展示了蛋白质的噬菌体通过N端的组氨酸标签与镍基质结合（步骤1）；用蛋白酶处理结合后的噬菌体，展示了对蛋白酶作用敏感的蛋白质的噬菌体被从基质上切除，并被洗涤下来（步骤2）；然后从镍基质上将展示了蛋白质的、能抵抗蛋白酶作用并因此保持与基质结合的噬菌体洗脱下来（步骤3）；将这些噬菌体扩增，以供进一步的筛选或DNA序列测定（步骤4） 用噬菌体展示进行蛋白酶筛选的两种方法的对比： （a）我们实验室开发的基于亲和性的方法；（b）Plackthun/Schmid小组和Winter小组描述的将蛋白质的酶解和噬菌体的感染力相结合的方法

从某种角度来看，这一步骤在原理上与底物噬菌体展示相似，该文库（这种情况下为线性肽）也被展示在亲和性标签和pⅢ之间，从而能固定于固体基质上。然而，在这种情况下用特异性蛋白酶进行处理是为了鉴定底物特异性，被切割的肽随后被鉴定为酶的底物。相反，我们设计的方法是用来筛选由于折叠而具有抵抗蛋白酶作用的蛋白质，尽管它们含有蛋白酶酶切位点。

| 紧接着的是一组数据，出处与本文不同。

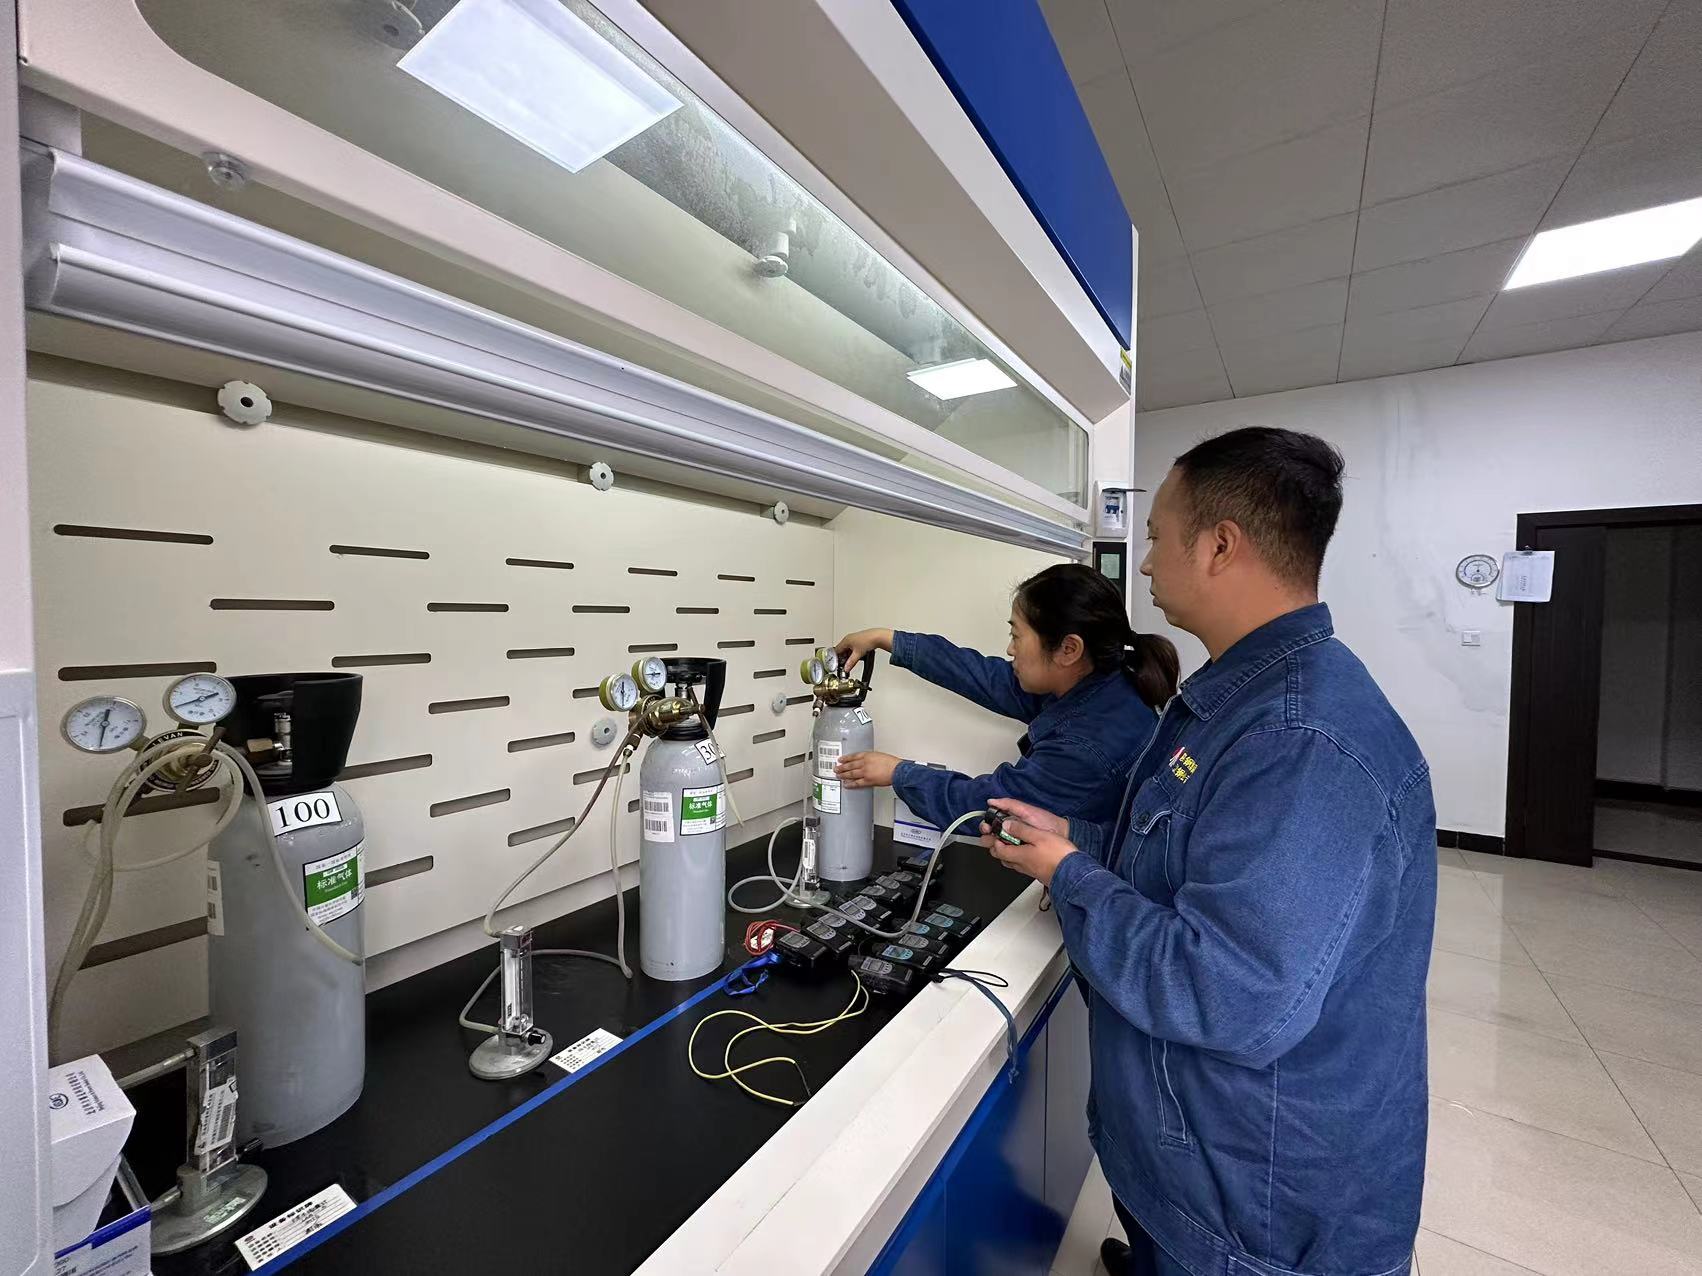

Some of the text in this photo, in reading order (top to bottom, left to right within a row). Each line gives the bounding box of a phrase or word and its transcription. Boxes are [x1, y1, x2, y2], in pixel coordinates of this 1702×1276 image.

[275, 798, 330, 828] 100
[688, 801, 713, 811] 标准气体
[316, 869, 352, 889] 标准气体

如前所述，还有另外两个小组也成功开发出使用噬菌体展示技术和蛋白酶解筛选出稳定的蛋白质的方法。在这些方法中，亲和性标签不是必需的，但是被展示蛋白的酶解和噬菌体的感染力（infectivity）是直接相关的。目标蛋白插入到pⅢ蛋白具有感染力的N端结构域（N1、N2）与锚定在噬菌体上的C端结构域之间。因为N端结构域是噬菌体感染进入大肠杆菌所必需的，如果由于插入的接头被蛋白酶水解而使得这些结构域被切除，则会导致噬菌体失去感染力。因此，经过蛋白酶筛选之后，只有那些展示了能抵抗蛋白酶作用的稳定蛋白质的噬菌体才能增殖。

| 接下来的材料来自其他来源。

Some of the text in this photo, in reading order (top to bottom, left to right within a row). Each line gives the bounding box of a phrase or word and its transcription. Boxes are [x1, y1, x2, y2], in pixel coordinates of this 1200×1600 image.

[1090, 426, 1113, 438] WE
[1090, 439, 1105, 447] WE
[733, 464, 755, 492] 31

Pltiekthun/Schmid小组和Winter小组的方法有一个潜在的缺点：它们与常规的单价展示无法谐调。这是因为在展示噬菌体上存在着野生型pⅢ蛋白，这会使得它们被筛选及增兰?而不管pⅢ—融合蛋白是否已经被切除，从而造成假阳性。Sieber等人通过另一个噬菌体系统来解决该问题，在该系统中，所有拷贝的pⅢ蛋白都与目标蛋白相融合（如多价展示系统）。相反，在筛选中要使噬菌体丧失感染力则要求所有拷贝的被展示蛋白都被酶切。Kristensen和Winter通过构建能提供蛋白酶敏感性的pⅢ蛋白的辅助噬菌体巧妙地克服了这个难题。